- **What the task requires**: Before copying, set the images aside; then transcribe every entry below exactly.

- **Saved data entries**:
______
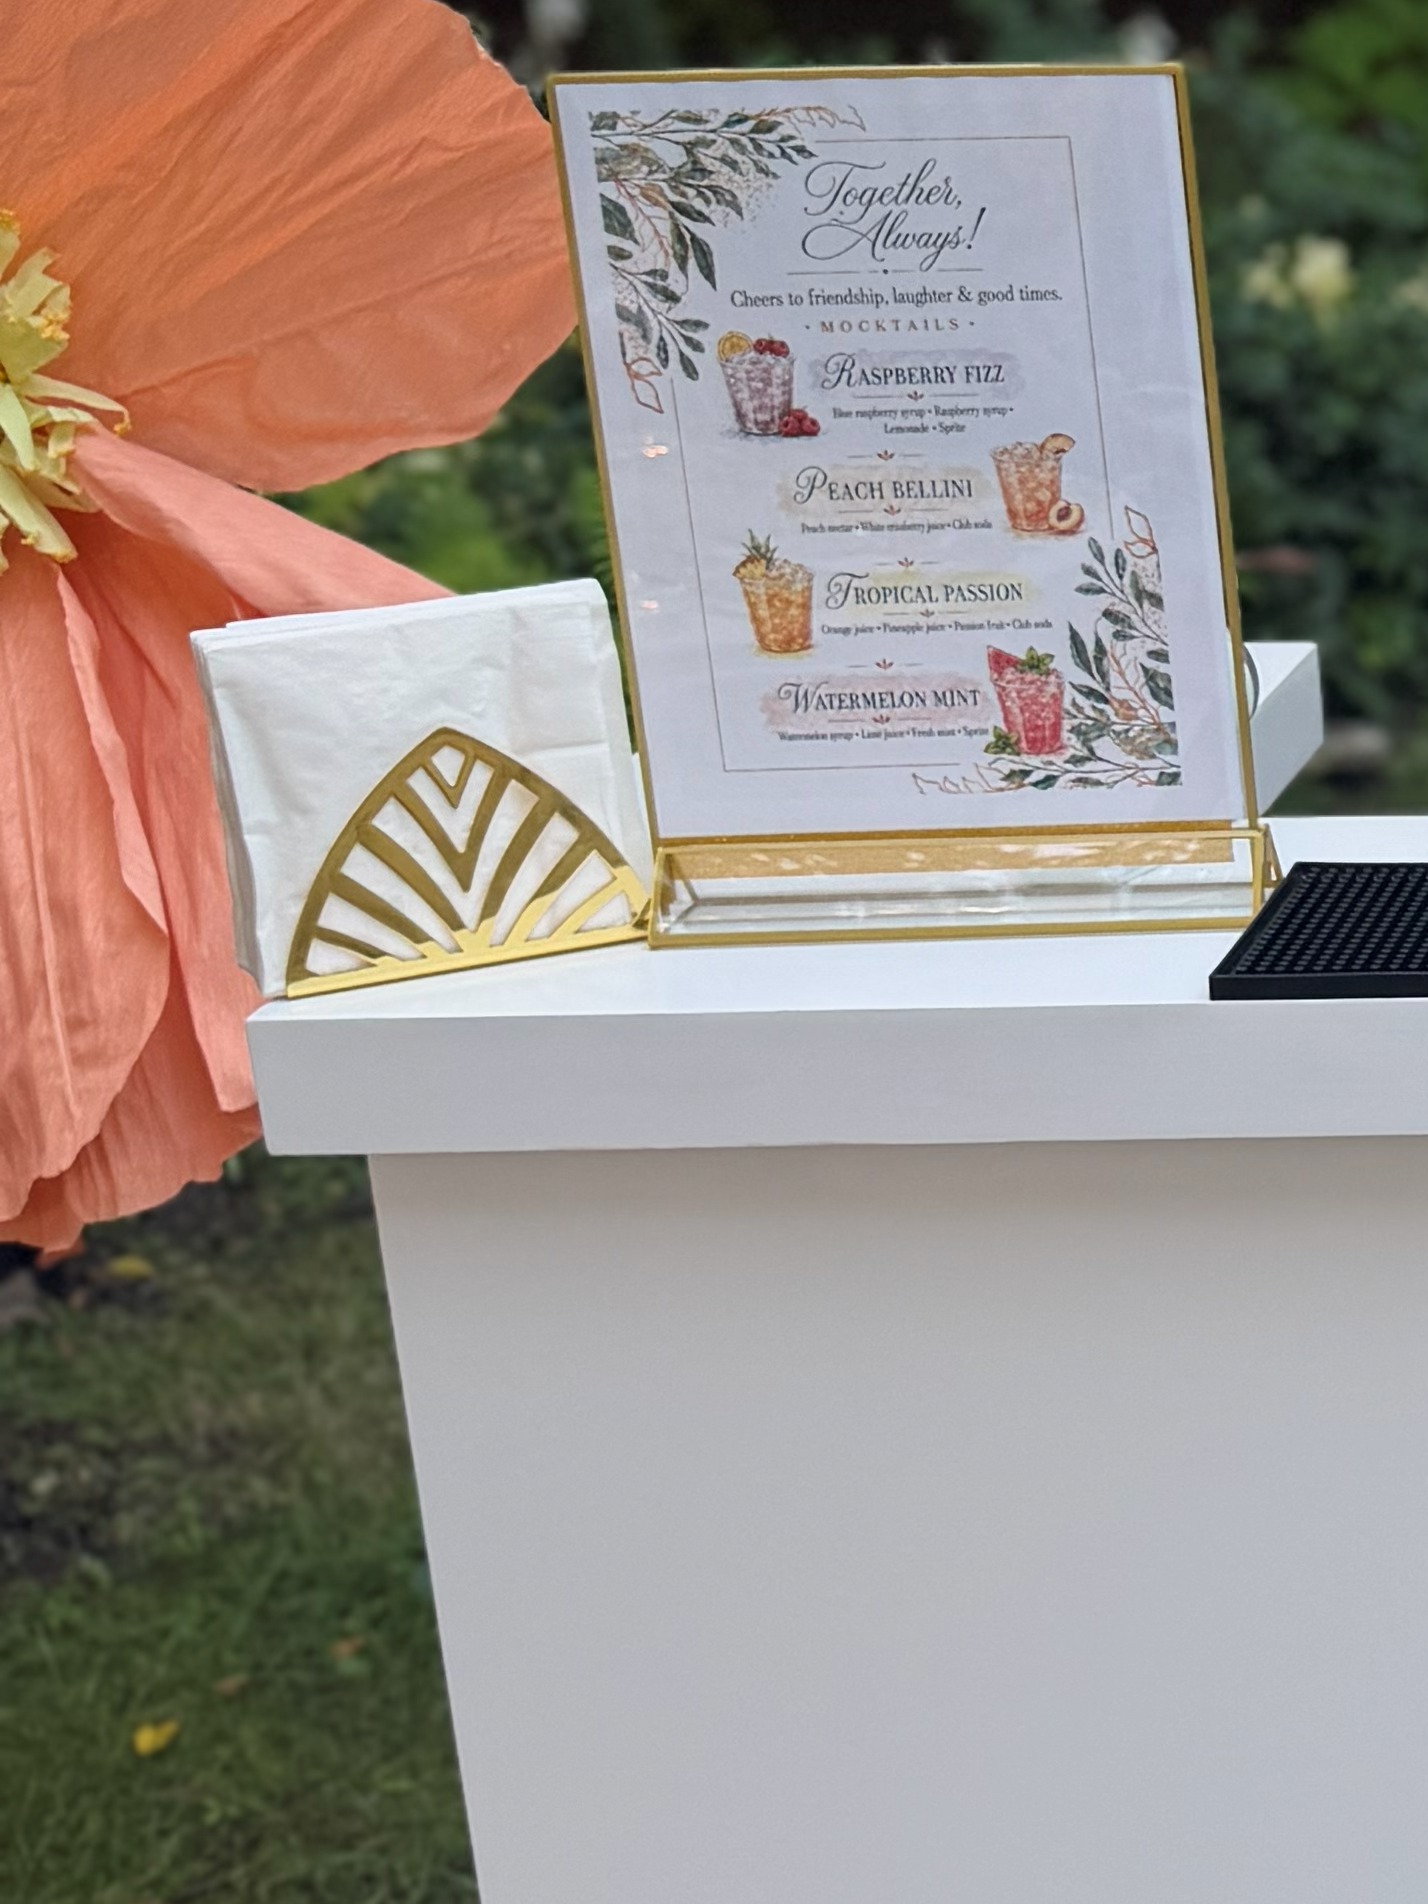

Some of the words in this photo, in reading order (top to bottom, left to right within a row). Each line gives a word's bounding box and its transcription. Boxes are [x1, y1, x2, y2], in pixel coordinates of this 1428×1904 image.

[804, 158, 962, 224] Together,
[801, 207, 986, 272] Always!
[730, 289, 784, 307] Cheers
[788, 291, 804, 306] to
[808, 288, 889, 309] friendship,
[892, 286, 953, 308] laughter
[957, 288, 972, 302] &
[977, 285, 1015, 306] good
[1019, 284, 1063, 302] times.
[820, 317, 960, 333] MOCKTAILS
[821, 352, 956, 389] RASPBERRY
[964, 364, 1005, 384] FIZZ
[884, 423, 929, 434] Lemonade
[939, 422, 966, 435] Sprite
[793, 465, 884, 504] PEACH
[892, 479, 973, 499] BELLINI
[825, 572, 939, 610] TROPICAL
[944, 583, 1023, 602] PASSION
[778, 681, 927, 714] WATERMELON
[933, 689, 980, 708] MINT
______
- **Reply to the task**:
Some of the words in this photo, in reading order (top to bottom, left to right within a row). Each line gives a word's bounding box and its transcription. Boxes are [x1, y1, x2, y2], in pixel coordinates of this 1428×1904 image.

[804, 158, 962, 224] Together,
[801, 207, 986, 272] Always!
[730, 289, 784, 307] Cheers
[788, 291, 804, 306] to
[808, 288, 889, 309] friendship,
[892, 286, 953, 308] laughter
[957, 288, 972, 302] &
[977, 285, 1015, 306] good
[1019, 284, 1063, 302] times.
[820, 317, 960, 333] MOCKTAILS
[821, 352, 956, 389] RASPBERRY
[964, 364, 1005, 384] FIZZ
[884, 423, 929, 434] Lemonade
[939, 422, 966, 435] Sprite
[793, 465, 884, 504] PEACH
[892, 479, 973, 499] BELLINI
[825, 572, 939, 610] TROPICAL
[944, 583, 1023, 602] PASSION
[778, 681, 927, 714] WATERMELON
[933, 689, 980, 708] MINT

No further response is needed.